None of these have been amended in any way other than to hide confidential information. They are screen grabs from Acrobat which have been resized and saved as JPGs. Every one of these letters was sent out to a customer.

We'll start with a sentence which suggests that the writer thinks our files are comparable to the famous wardrobe and that they allow passage to other worlds.


 


Next I present an example of the afflicted. It would be cruel to mock him.


More random capitalisation - this time an entire word.


I wonder what Fowler says about using the same word three times in one sentence? Probably nothing as he's been dead for over seventy years.


Repeating a word in a clumsy sentence is one thing but this next example takes it to a whole new level. It's as if the line was written to include backing singers.

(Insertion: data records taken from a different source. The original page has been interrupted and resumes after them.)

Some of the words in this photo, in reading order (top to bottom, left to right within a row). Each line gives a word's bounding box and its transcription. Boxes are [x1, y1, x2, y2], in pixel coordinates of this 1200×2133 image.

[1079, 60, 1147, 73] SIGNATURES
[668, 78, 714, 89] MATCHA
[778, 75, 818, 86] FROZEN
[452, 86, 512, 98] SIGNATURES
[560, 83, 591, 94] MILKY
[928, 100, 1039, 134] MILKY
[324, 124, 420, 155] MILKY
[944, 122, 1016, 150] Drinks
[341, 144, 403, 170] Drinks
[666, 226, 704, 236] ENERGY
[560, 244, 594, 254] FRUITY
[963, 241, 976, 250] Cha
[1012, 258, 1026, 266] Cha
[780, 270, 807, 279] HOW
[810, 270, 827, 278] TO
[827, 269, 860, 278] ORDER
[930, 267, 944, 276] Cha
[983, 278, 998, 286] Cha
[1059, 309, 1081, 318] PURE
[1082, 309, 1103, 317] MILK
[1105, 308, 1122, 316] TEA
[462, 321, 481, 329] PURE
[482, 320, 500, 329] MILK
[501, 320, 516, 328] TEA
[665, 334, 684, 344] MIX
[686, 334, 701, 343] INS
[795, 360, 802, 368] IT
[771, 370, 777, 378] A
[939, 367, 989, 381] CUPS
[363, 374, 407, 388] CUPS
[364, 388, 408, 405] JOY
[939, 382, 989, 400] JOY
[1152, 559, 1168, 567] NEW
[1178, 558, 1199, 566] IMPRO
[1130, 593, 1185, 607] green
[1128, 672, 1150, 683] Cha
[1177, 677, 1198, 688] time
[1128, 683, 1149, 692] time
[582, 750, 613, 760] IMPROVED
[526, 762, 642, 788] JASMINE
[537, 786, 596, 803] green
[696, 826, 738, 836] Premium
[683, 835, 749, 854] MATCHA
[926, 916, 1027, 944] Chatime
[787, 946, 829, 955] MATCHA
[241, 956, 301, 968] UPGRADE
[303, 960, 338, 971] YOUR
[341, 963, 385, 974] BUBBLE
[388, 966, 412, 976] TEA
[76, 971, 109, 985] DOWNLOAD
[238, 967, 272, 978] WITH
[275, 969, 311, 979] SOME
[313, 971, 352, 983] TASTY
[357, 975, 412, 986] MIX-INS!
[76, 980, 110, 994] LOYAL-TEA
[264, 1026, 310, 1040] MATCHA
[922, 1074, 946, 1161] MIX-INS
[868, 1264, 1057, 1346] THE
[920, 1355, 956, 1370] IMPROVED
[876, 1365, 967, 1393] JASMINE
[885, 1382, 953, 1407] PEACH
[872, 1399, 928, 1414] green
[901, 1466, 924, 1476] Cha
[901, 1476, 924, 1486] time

Here we have another example of a sentence which says one thing and means another. Does the author really want to see the customer in person?


Occasionally they sound very professional. Take this next letter - the first paragraph is packed with technical detail and the overall tone is that one of knowledge and wisdom. It's just a shame that the third paragraph sounds like a euphemism for a much-needed ejaculation.


Our penultimate example is a combination of repeated words and random capitalisation.


And finally, a letter which tells someone something they surely already know and then patronises the hell out of them for no reason. Imagine you are the person getting this letter. You wouldn't like it would you?


And that, my friends, is that.

For now.

I have faith that standards will never rise and that one day I will return...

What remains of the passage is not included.